WHAT NEEDS TO BE DONE: Although the entries hold pictures, only their words are printed back, exactly as given.
*** RECORDS FOR THE EXERCISE ***
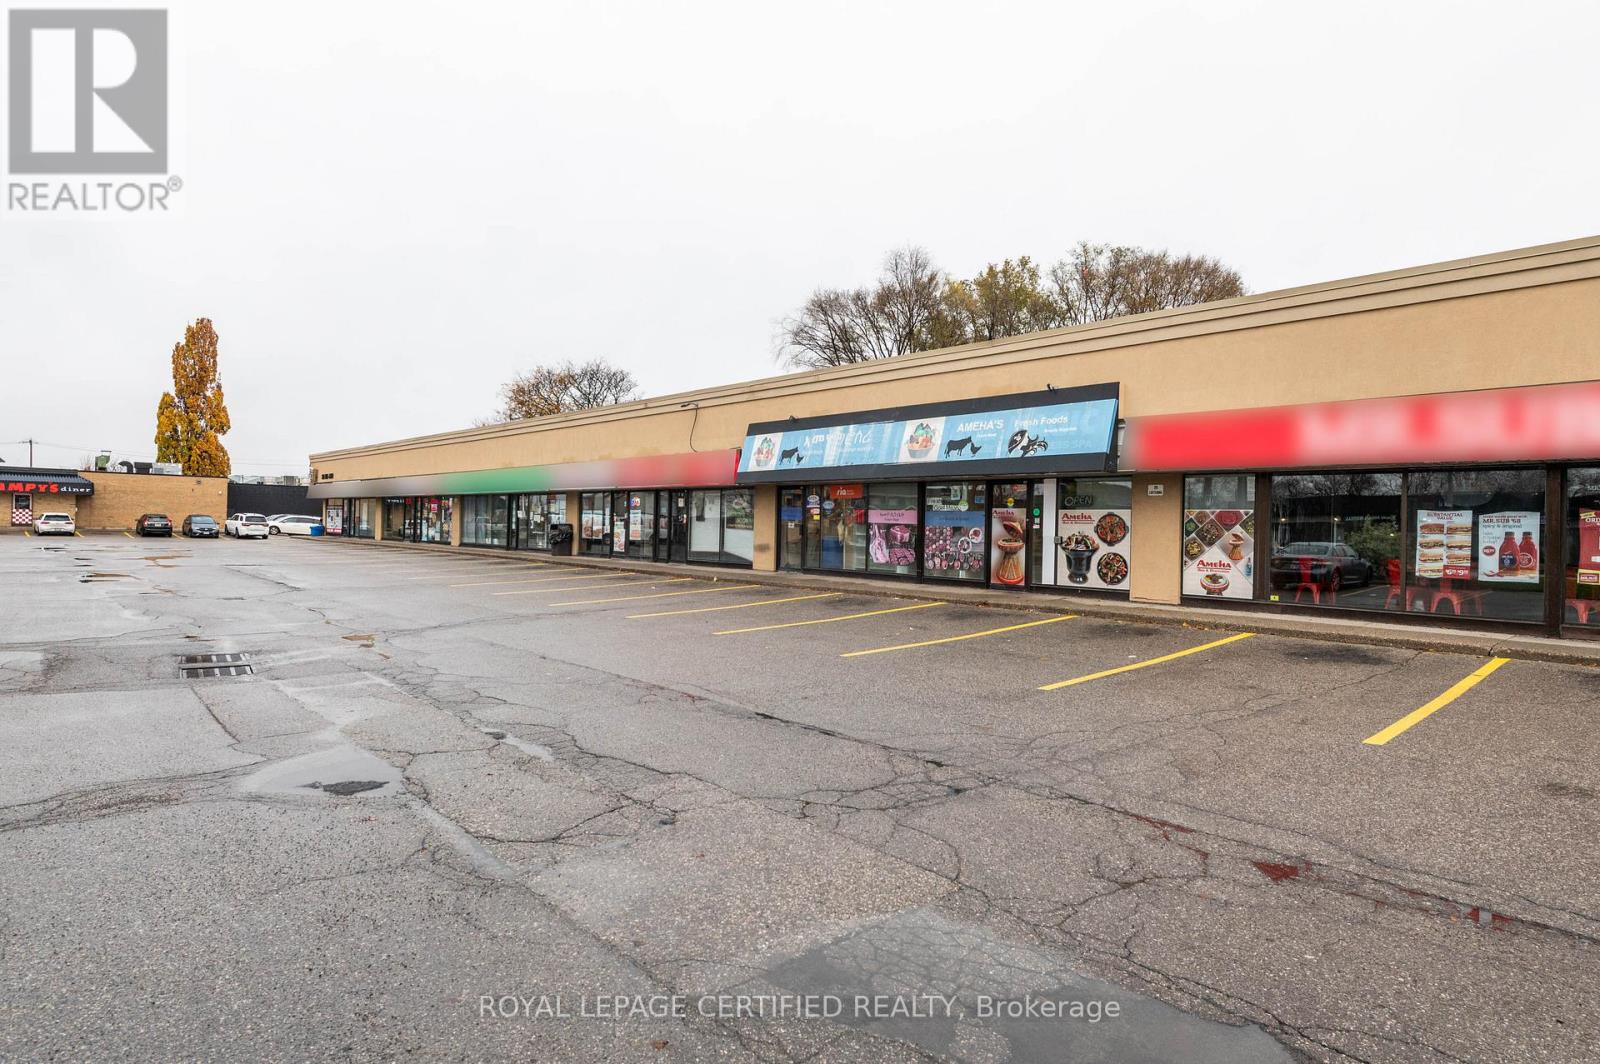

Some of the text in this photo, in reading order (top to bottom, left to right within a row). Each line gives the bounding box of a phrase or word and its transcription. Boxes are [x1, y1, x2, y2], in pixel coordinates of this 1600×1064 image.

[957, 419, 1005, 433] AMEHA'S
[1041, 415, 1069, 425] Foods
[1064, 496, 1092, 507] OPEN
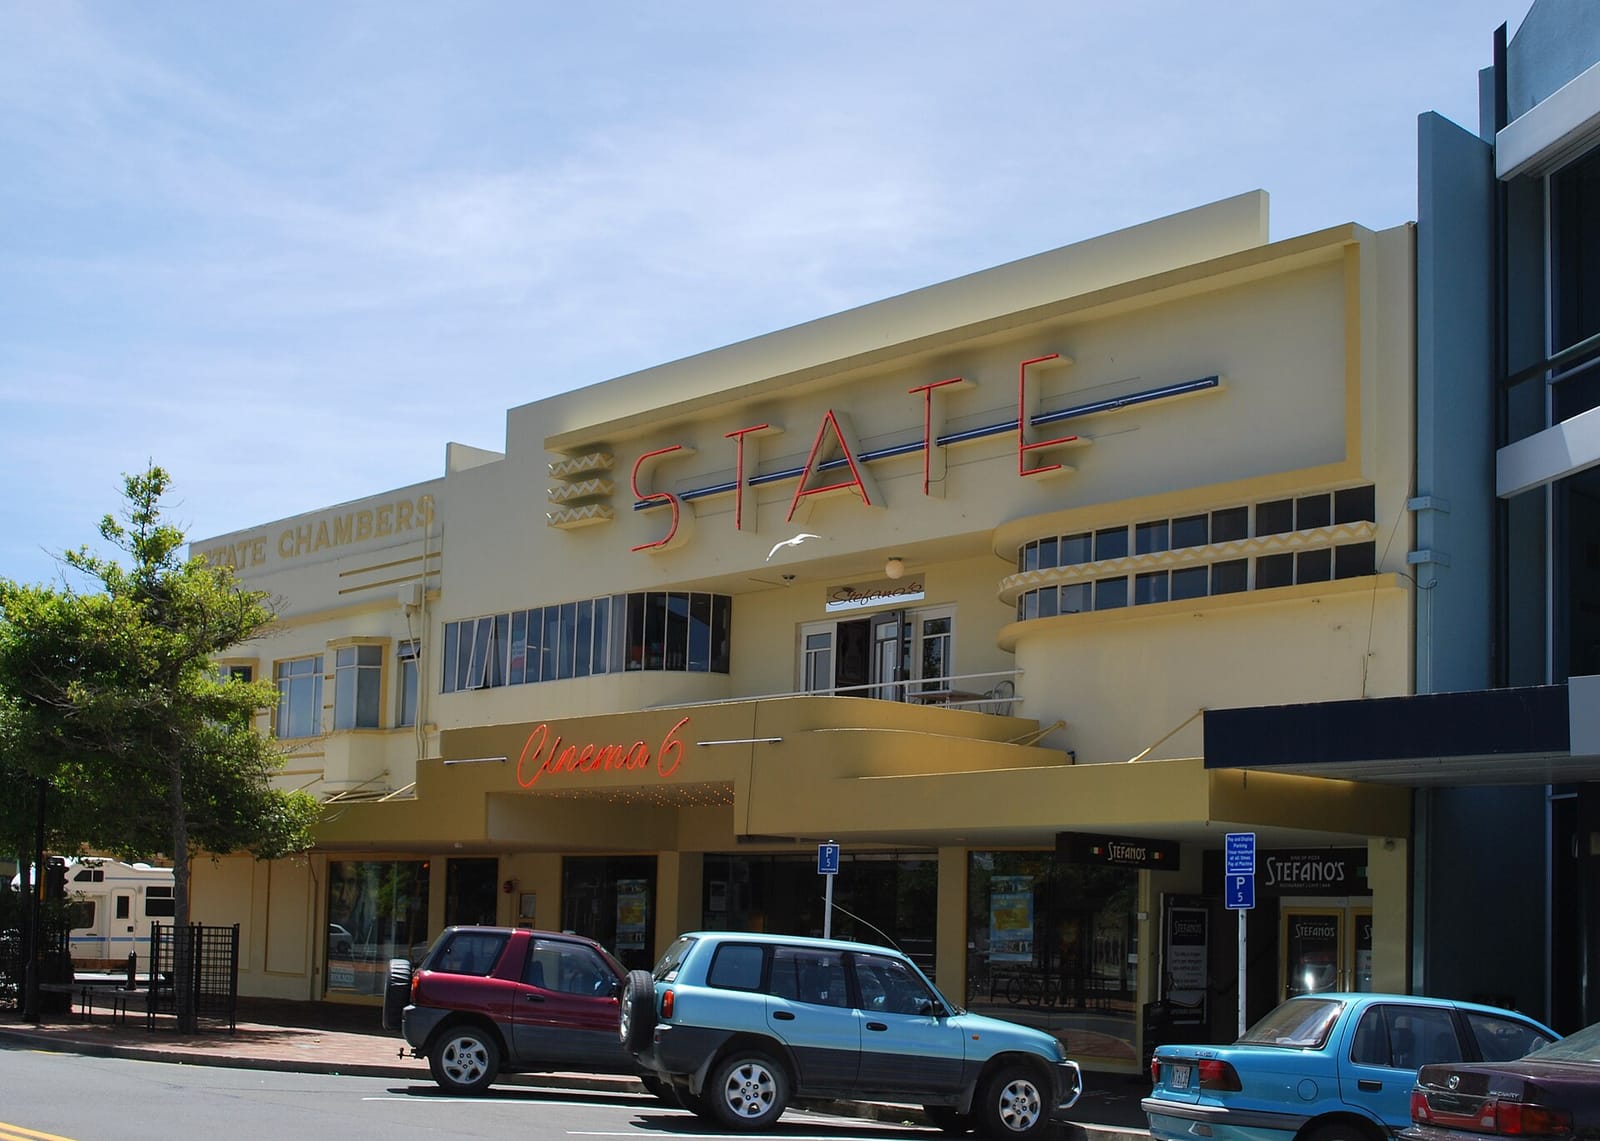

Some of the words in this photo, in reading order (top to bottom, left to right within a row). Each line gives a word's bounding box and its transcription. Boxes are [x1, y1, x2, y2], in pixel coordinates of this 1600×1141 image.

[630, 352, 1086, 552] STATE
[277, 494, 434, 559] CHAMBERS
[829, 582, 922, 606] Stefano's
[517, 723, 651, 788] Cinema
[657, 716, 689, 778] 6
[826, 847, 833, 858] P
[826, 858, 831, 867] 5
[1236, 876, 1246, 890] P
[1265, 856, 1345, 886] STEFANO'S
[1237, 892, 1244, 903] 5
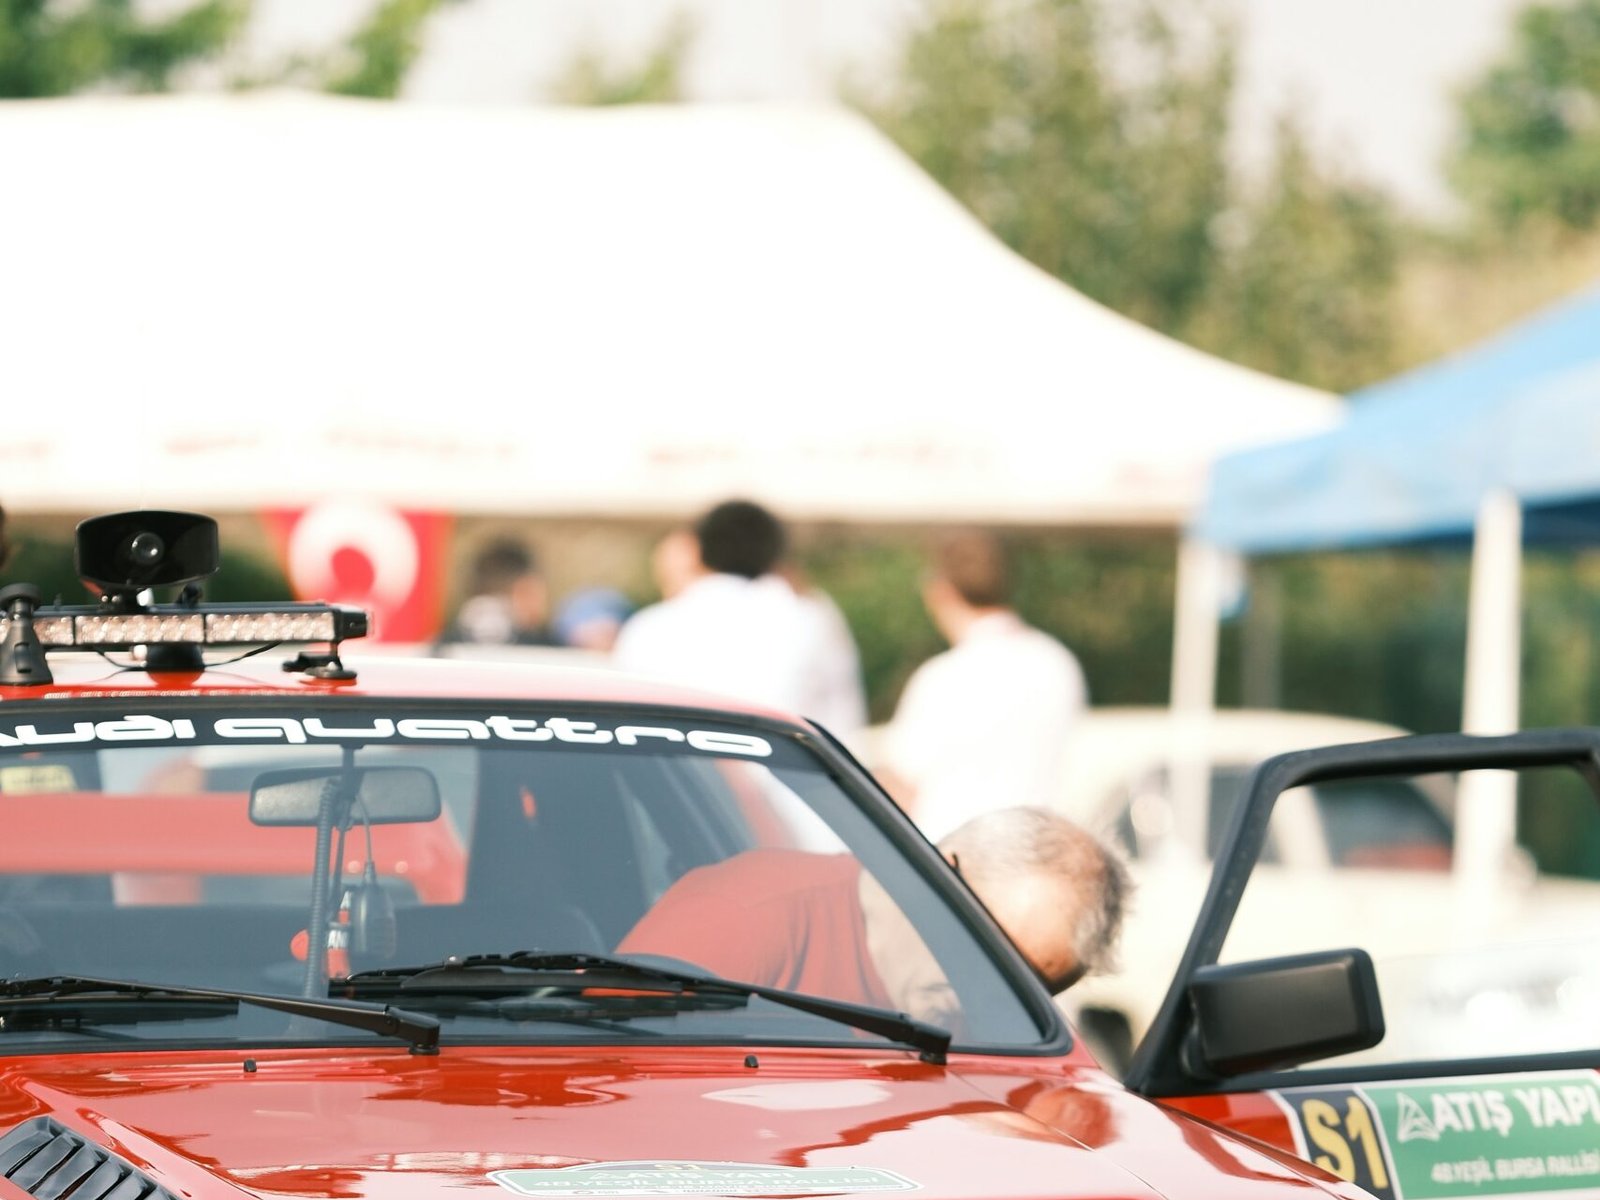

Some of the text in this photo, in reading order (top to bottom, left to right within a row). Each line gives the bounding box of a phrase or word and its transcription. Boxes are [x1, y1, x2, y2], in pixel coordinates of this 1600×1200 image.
*** End of RECORDS FOR THE EXERCISE ***
SOLUTION TO THIS PROBLEM:
Some of the text in this photo, in reading order (top to bottom, left to right within a row). Each line gives the bounding box of a phrase or word and its transcription. Boxes are [x1, y1, x2, y2], in pixel coordinates of this 1600×1064 image.

[957, 419, 1005, 433] AMEHA'S
[1041, 415, 1069, 425] Foods
[1064, 496, 1092, 507] OPEN

Some of the words in this photo, in reading order (top to bottom, left to right within a row). Each line gives a word's bounding box and its transcription. Boxes are [x1, y1, x2, y2], in pixel coordinates of this 1600×1141 image.

[630, 352, 1086, 552] STATE
[277, 494, 434, 559] CHAMBERS
[829, 582, 922, 606] Stefano's
[517, 723, 651, 788] Cinema
[657, 716, 689, 778] 6
[826, 847, 833, 858] P
[826, 858, 831, 867] 5
[1236, 876, 1246, 890] P
[1265, 856, 1345, 886] STEFANO'S
[1237, 892, 1244, 903] 5

Some of the text in this photo, in reading order (top to bottom, left to right within a row). Each line gives the bounding box of a phrase or word and its transcription. Boxes are [x1, y1, x2, y2], in pixel coordinates of this 1600×1200 image.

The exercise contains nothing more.